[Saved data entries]
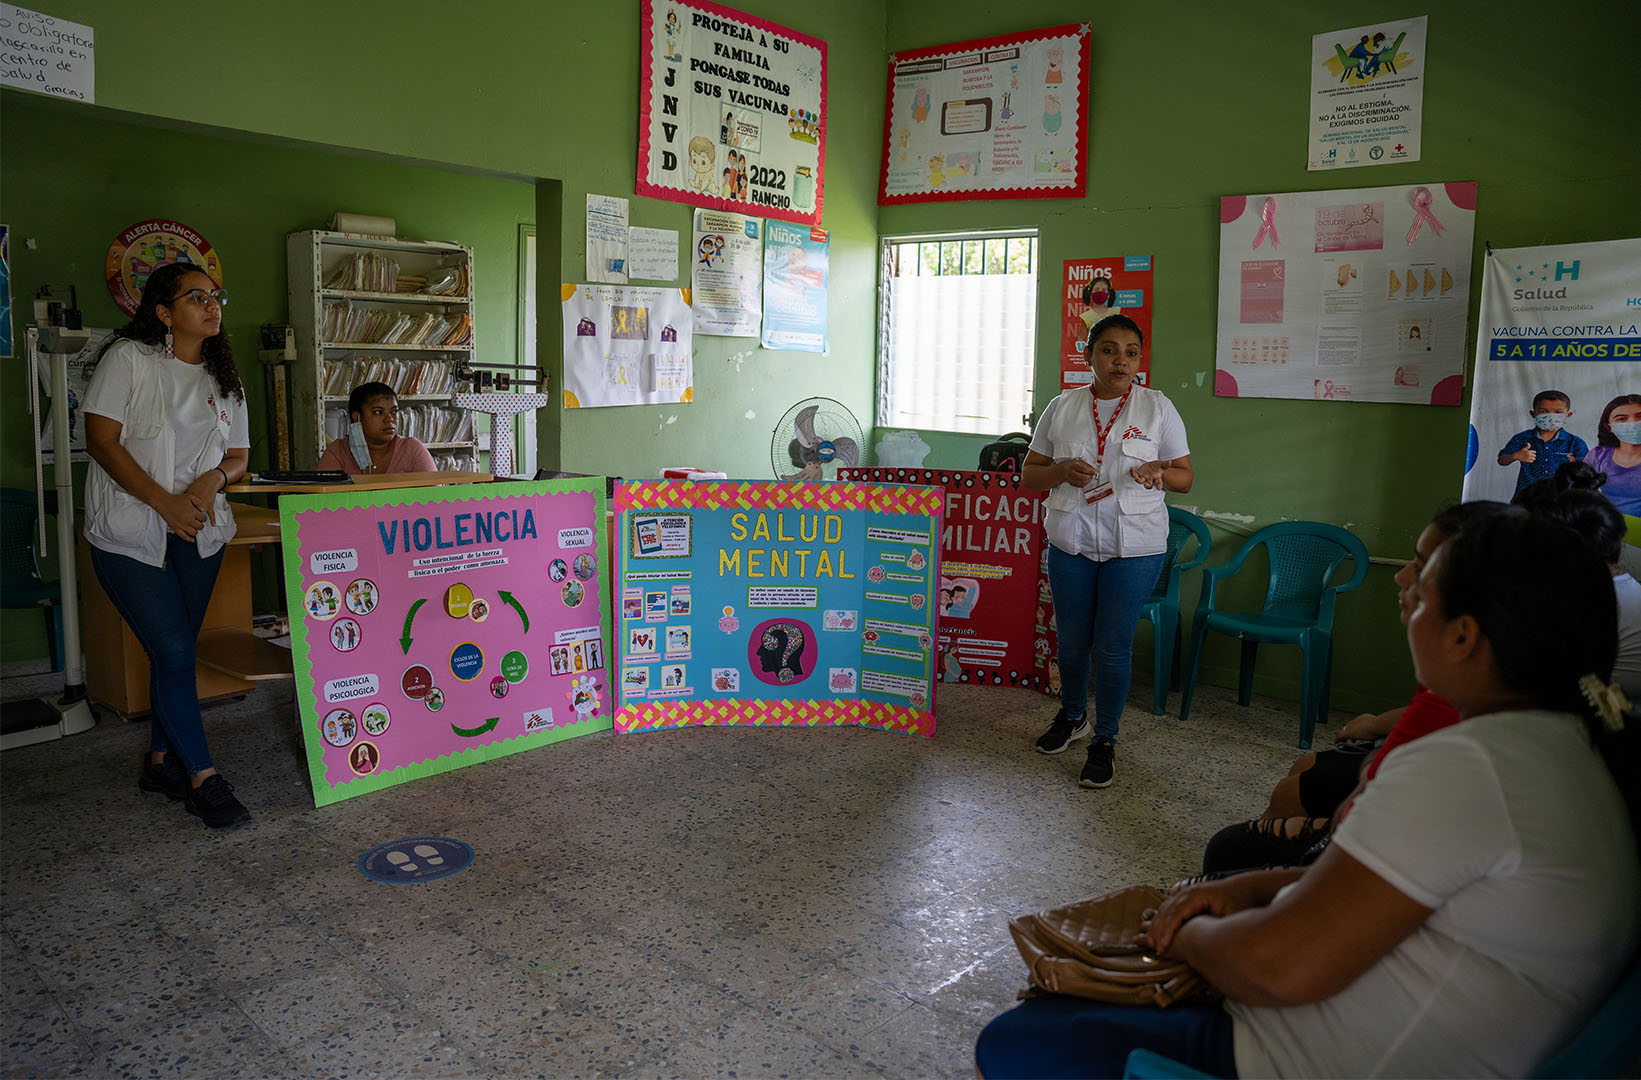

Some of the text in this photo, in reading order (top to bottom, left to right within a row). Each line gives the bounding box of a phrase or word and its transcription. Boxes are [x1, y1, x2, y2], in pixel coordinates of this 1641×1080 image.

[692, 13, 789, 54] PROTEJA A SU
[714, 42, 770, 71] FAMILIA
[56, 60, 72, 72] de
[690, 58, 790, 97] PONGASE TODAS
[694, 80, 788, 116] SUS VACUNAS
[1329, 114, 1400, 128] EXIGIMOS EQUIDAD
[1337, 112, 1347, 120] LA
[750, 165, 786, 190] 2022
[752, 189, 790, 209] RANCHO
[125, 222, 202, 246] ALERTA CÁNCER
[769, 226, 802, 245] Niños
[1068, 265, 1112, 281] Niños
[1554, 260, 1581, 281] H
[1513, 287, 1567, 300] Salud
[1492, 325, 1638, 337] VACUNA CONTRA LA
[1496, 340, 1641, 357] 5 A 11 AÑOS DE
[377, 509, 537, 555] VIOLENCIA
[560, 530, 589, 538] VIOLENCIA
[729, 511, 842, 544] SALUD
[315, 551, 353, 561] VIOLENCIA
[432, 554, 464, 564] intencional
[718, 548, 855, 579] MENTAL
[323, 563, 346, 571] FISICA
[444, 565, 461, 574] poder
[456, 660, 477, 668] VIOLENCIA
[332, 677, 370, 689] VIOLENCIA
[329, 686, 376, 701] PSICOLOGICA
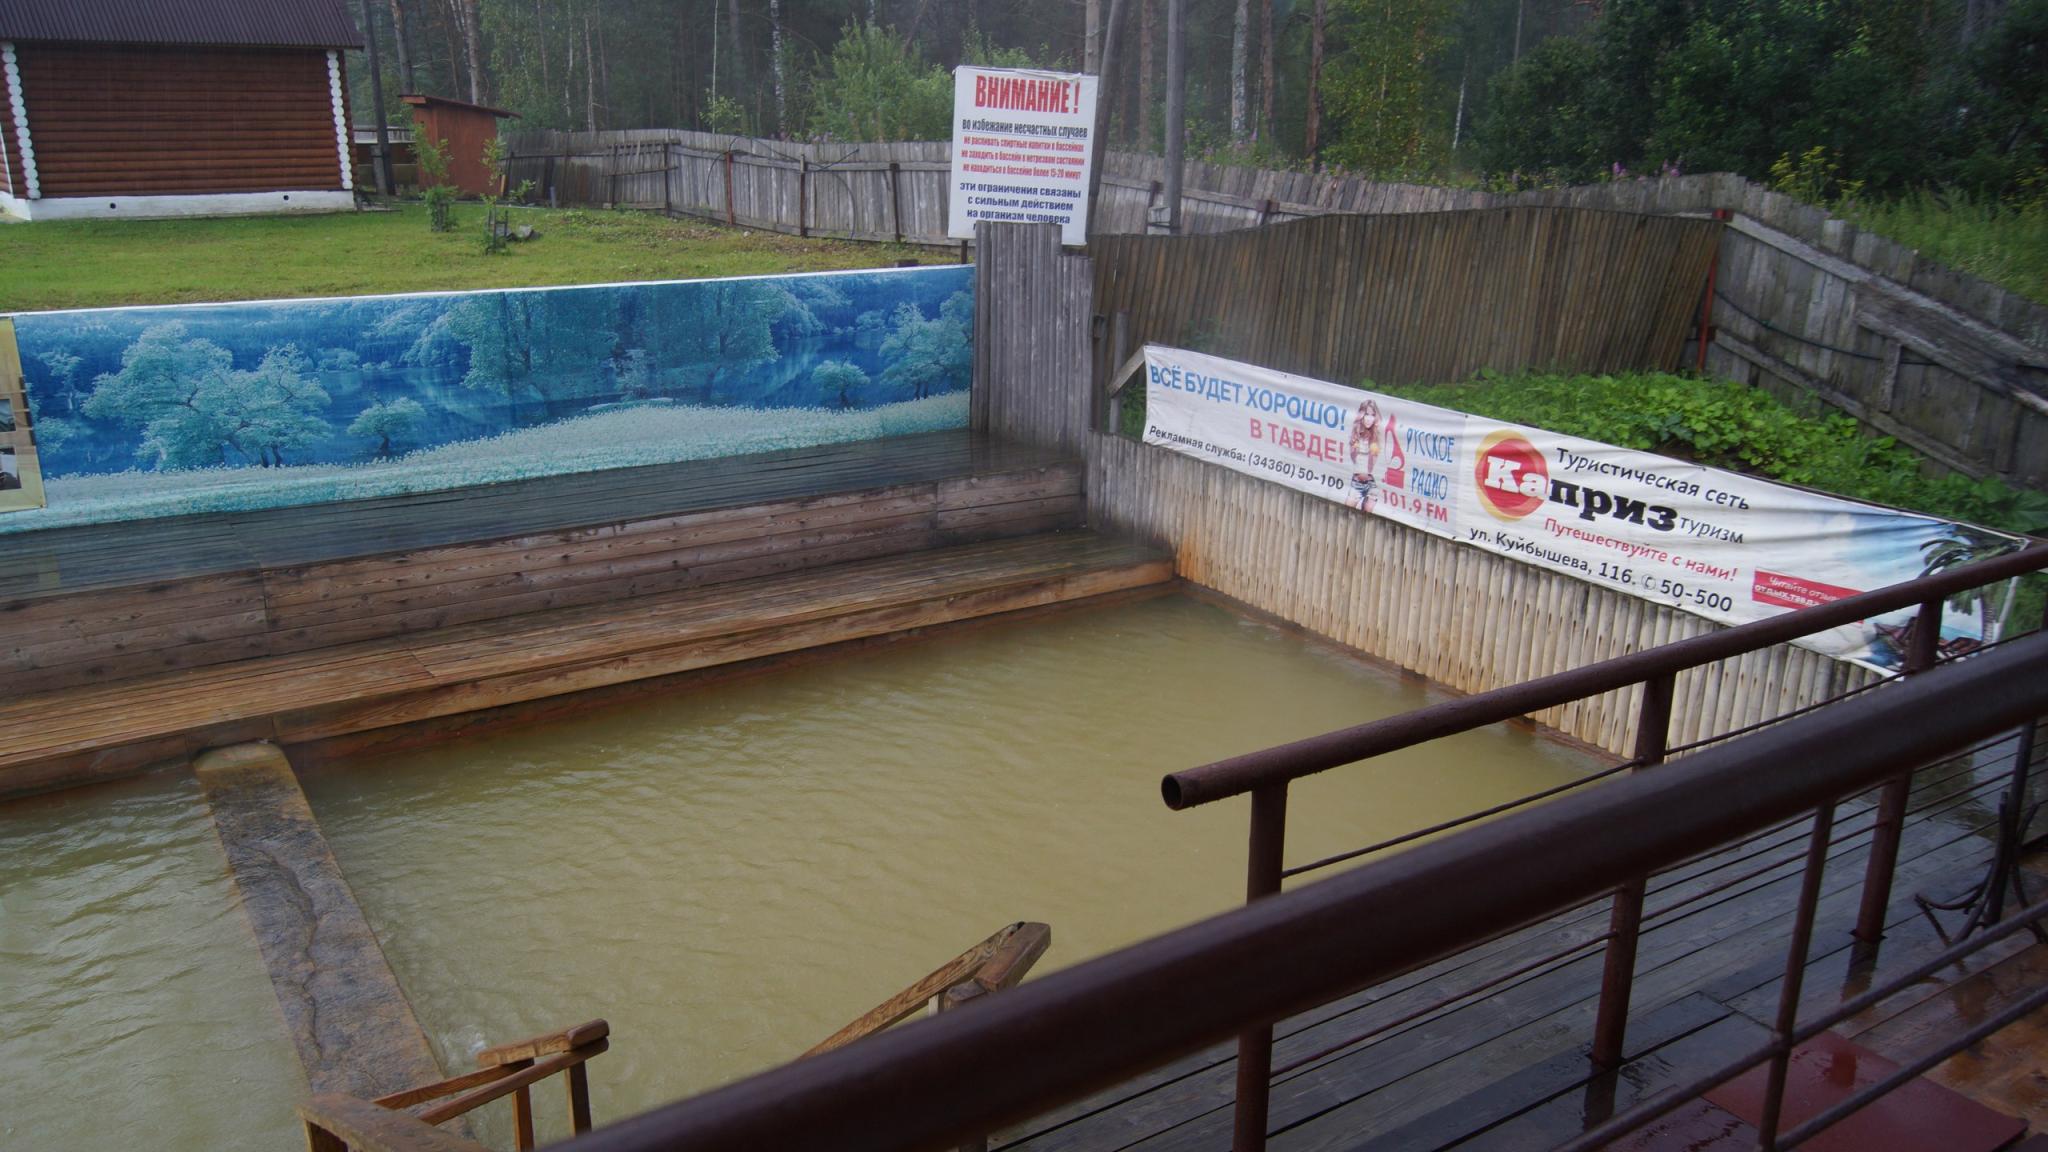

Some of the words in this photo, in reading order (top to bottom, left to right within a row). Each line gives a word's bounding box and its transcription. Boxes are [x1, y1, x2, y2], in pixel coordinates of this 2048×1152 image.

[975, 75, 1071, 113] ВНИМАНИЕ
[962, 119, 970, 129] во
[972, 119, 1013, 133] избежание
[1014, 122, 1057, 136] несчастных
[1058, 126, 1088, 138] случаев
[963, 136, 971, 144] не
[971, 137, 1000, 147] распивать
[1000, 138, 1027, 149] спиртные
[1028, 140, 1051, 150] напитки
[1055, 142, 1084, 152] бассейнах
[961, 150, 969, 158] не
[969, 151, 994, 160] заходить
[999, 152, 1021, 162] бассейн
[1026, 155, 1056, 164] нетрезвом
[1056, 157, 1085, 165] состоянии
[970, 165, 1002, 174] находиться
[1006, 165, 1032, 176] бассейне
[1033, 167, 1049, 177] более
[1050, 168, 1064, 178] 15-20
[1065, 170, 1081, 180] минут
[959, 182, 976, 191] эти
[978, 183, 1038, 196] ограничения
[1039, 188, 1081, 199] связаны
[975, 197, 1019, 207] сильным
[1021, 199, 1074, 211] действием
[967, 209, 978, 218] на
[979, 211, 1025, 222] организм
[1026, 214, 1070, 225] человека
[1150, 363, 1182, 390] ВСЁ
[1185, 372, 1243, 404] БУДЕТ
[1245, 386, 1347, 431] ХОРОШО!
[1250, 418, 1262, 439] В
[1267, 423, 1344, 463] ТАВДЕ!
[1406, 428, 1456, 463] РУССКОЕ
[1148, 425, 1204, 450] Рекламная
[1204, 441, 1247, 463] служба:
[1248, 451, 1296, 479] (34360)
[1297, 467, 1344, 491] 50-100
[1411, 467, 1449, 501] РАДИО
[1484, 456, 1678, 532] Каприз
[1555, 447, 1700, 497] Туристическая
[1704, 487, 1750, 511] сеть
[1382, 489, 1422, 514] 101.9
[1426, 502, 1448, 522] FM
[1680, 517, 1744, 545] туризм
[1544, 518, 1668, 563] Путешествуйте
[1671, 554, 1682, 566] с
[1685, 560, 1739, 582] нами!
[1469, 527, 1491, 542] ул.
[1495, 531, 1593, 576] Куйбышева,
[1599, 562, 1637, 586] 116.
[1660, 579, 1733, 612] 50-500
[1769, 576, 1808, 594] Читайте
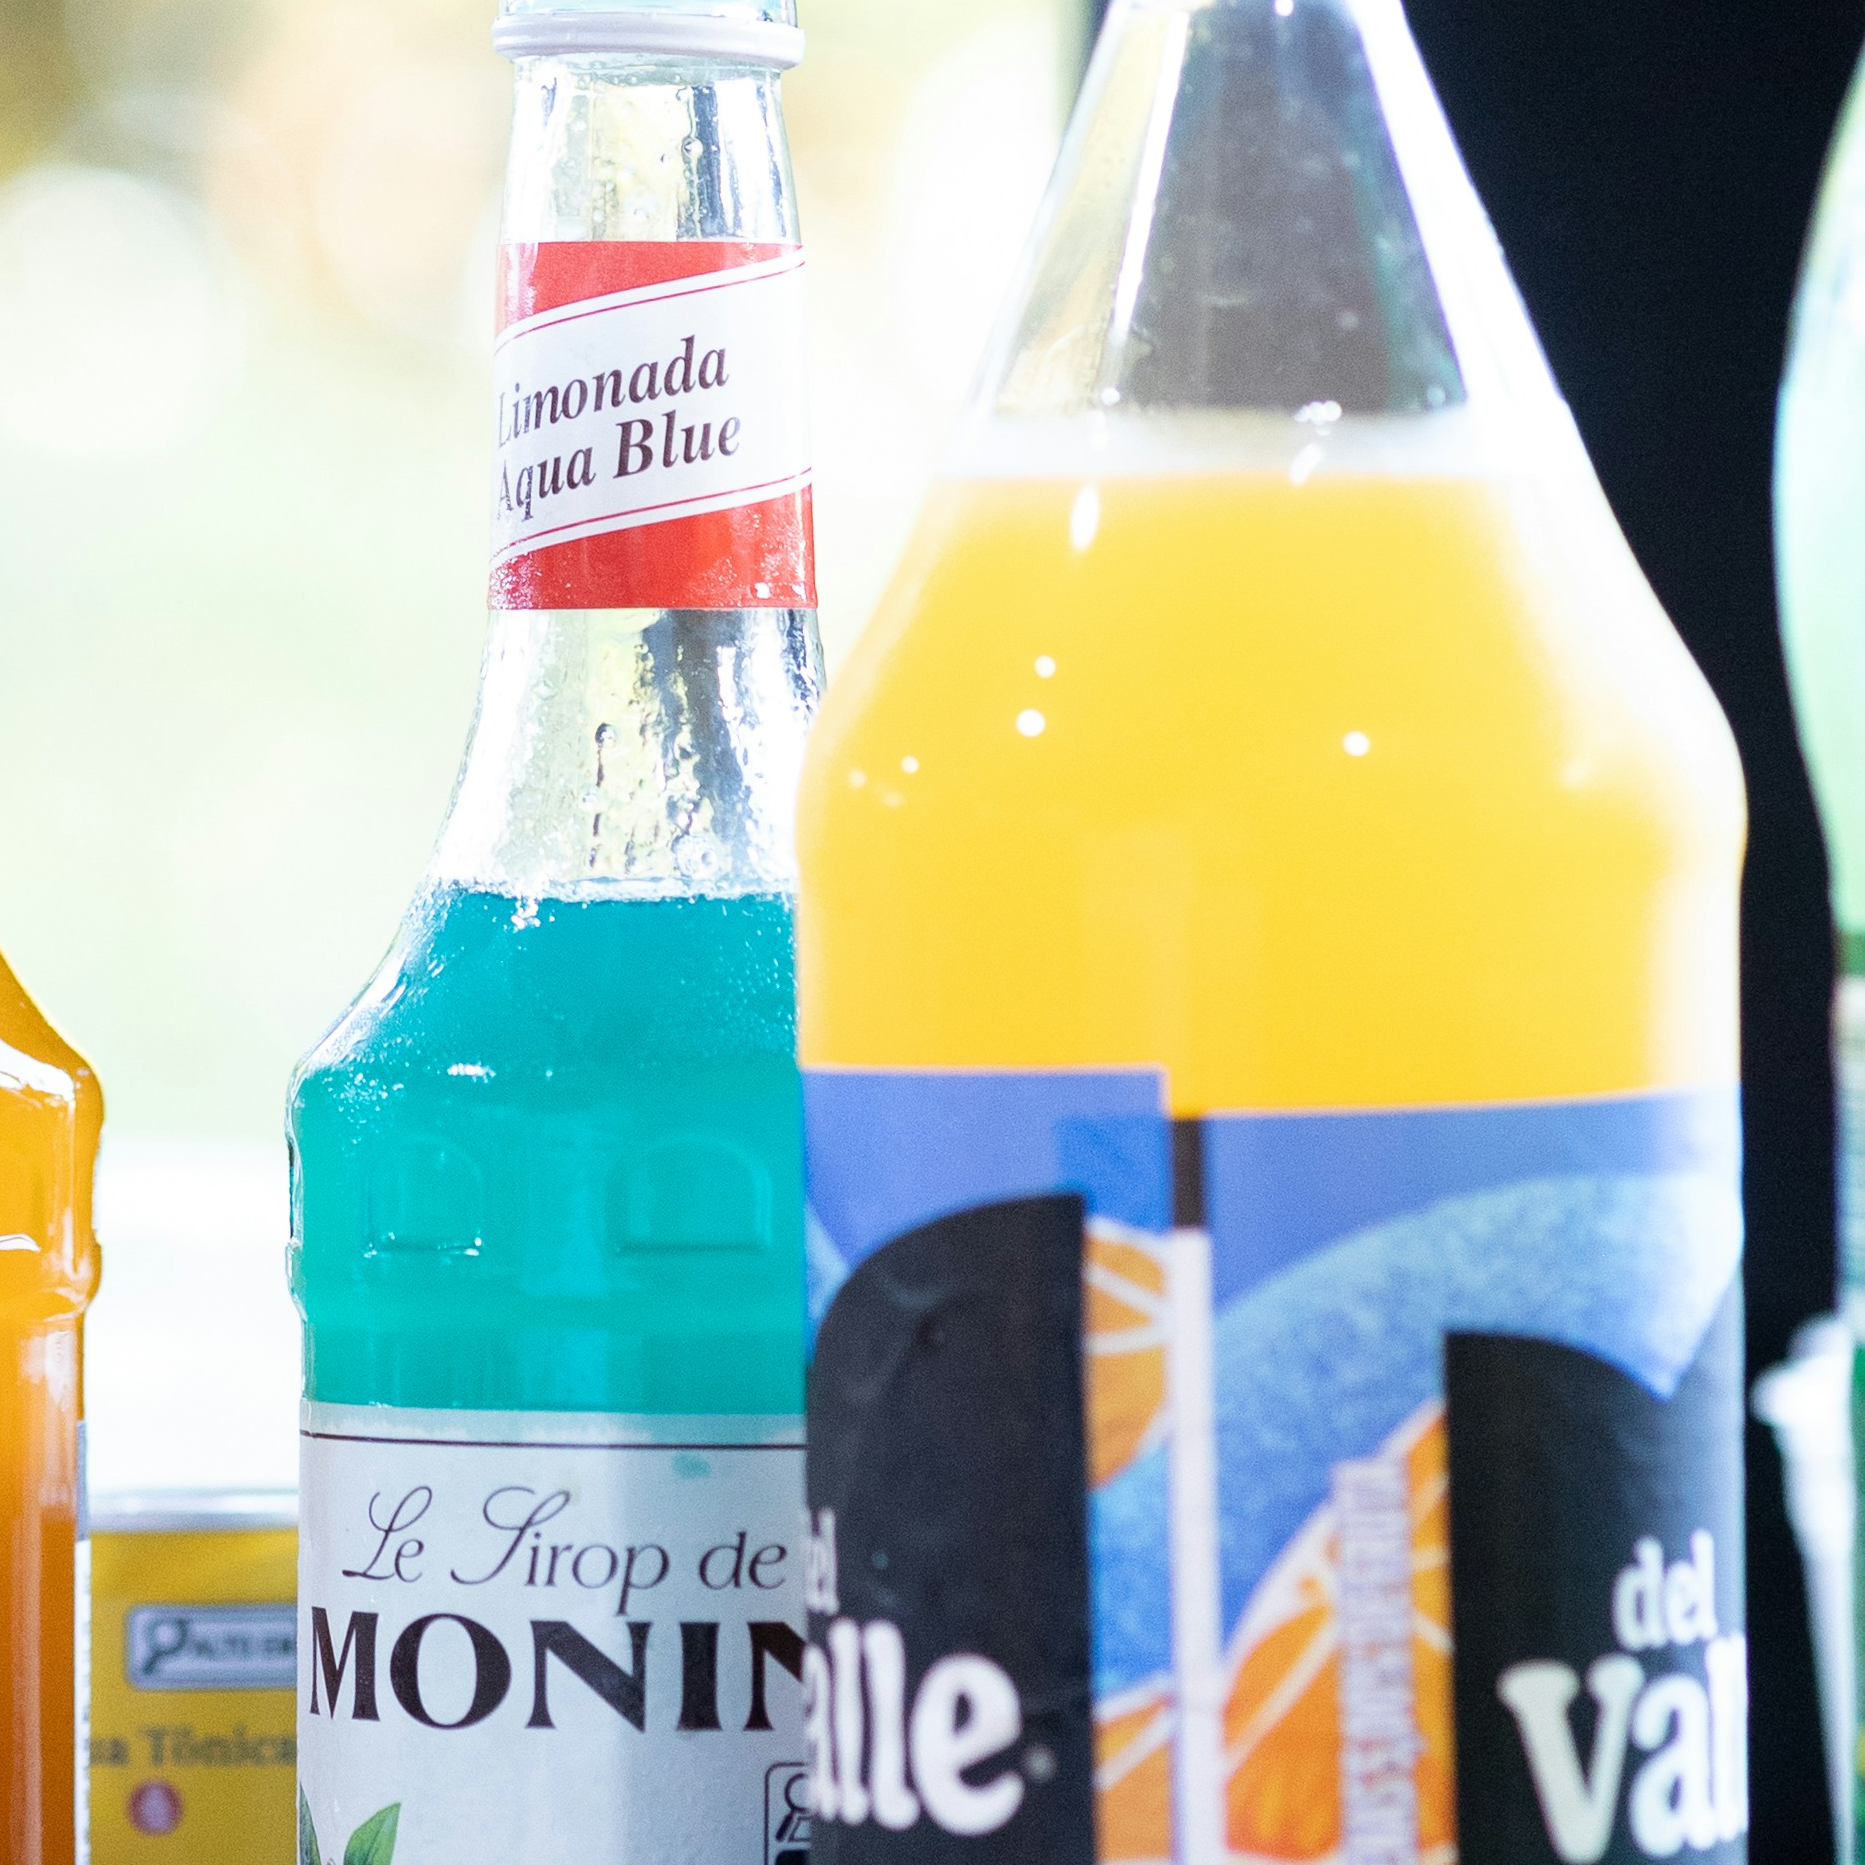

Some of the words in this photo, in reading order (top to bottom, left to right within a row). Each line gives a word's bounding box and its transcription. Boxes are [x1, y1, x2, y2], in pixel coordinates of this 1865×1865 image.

* _Task prompt_: All that is needed is the data above, repeated exactly, without the pictures.

* _Response below_:
Some of the text in this photo, in reading order (top to bottom, left to right within a row). Each line gives the bounding box of a phrase or word and its transcription. Boxes are [x1, y1, x2, y2], in pixel coordinates of this 1641×1080 image.

[692, 13, 789, 54] PROTEJA A SU
[714, 42, 770, 71] FAMILIA
[56, 60, 72, 72] de
[690, 58, 790, 97] PONGASE TODAS
[694, 80, 788, 116] SUS VACUNAS
[1329, 114, 1400, 128] EXIGIMOS EQUIDAD
[1337, 112, 1347, 120] LA
[750, 165, 786, 190] 2022
[752, 189, 790, 209] RANCHO
[125, 222, 202, 246] ALERTA CÁNCER
[769, 226, 802, 245] Niños
[1068, 265, 1112, 281] Niños
[1554, 260, 1581, 281] H
[1513, 287, 1567, 300] Salud
[1492, 325, 1638, 337] VACUNA CONTRA LA
[1496, 340, 1641, 357] 5 A 11 AÑOS DE
[377, 509, 537, 555] VIOLENCIA
[560, 530, 589, 538] VIOLENCIA
[729, 511, 842, 544] SALUD
[315, 551, 353, 561] VIOLENCIA
[432, 554, 464, 564] intencional
[718, 548, 855, 579] MENTAL
[323, 563, 346, 571] FISICA
[444, 565, 461, 574] poder
[456, 660, 477, 668] VIOLENCIA
[332, 677, 370, 689] VIOLENCIA
[329, 686, 376, 701] PSICOLOGICA

Some of the words in this photo, in reading order (top to bottom, left to right within a row). Each line gives a word's bounding box and its transcription. Boxes are [x1, y1, x2, y2], in pixel coordinates of this 2048×1152 image.

[975, 75, 1071, 113] ВНИМАНИЕ
[962, 119, 970, 129] во
[972, 119, 1013, 133] избежание
[1014, 122, 1057, 136] несчастных
[1058, 126, 1088, 138] случаев
[963, 136, 971, 144] не
[971, 137, 1000, 147] распивать
[1000, 138, 1027, 149] спиртные
[1028, 140, 1051, 150] напитки
[1055, 142, 1084, 152] бассейнах
[961, 150, 969, 158] не
[969, 151, 994, 160] заходить
[999, 152, 1021, 162] бассейн
[1026, 155, 1056, 164] нетрезвом
[1056, 157, 1085, 165] состоянии
[970, 165, 1002, 174] находиться
[1006, 165, 1032, 176] бассейне
[1033, 167, 1049, 177] более
[1050, 168, 1064, 178] 15-20
[1065, 170, 1081, 180] минут
[959, 182, 976, 191] эти
[978, 183, 1038, 196] ограничения
[1039, 188, 1081, 199] связаны
[975, 197, 1019, 207] сильным
[1021, 199, 1074, 211] действием
[967, 209, 978, 218] на
[979, 211, 1025, 222] организм
[1026, 214, 1070, 225] человека
[1150, 363, 1182, 390] ВСЁ
[1185, 372, 1243, 404] БУДЕТ
[1245, 386, 1347, 431] ХОРОШО!
[1250, 418, 1262, 439] В
[1267, 423, 1344, 463] ТАВДЕ!
[1406, 428, 1456, 463] РУССКОЕ
[1148, 425, 1204, 450] Рекламная
[1204, 441, 1247, 463] служба:
[1248, 451, 1296, 479] (34360)
[1297, 467, 1344, 491] 50-100
[1411, 467, 1449, 501] РАДИО
[1484, 456, 1678, 532] Каприз
[1555, 447, 1700, 497] Туристическая
[1704, 487, 1750, 511] сеть
[1382, 489, 1422, 514] 101.9
[1426, 502, 1448, 522] FM
[1680, 517, 1744, 545] туризм
[1544, 518, 1668, 563] Путешествуйте
[1671, 554, 1682, 566] с
[1685, 560, 1739, 582] нами!
[1469, 527, 1491, 542] ул.
[1495, 531, 1593, 576] Куйбышева,
[1599, 562, 1637, 586] 116.
[1660, 579, 1733, 612] 50-500
[1769, 576, 1808, 594] Читайте

Some of the words in this photo, in reading order (top to bottom, left to right within a row). Each line gives a word's bounding box and its transcription. Boxes are [x1, y1, x2, y2], in pixel coordinates of this 1865×1865 image.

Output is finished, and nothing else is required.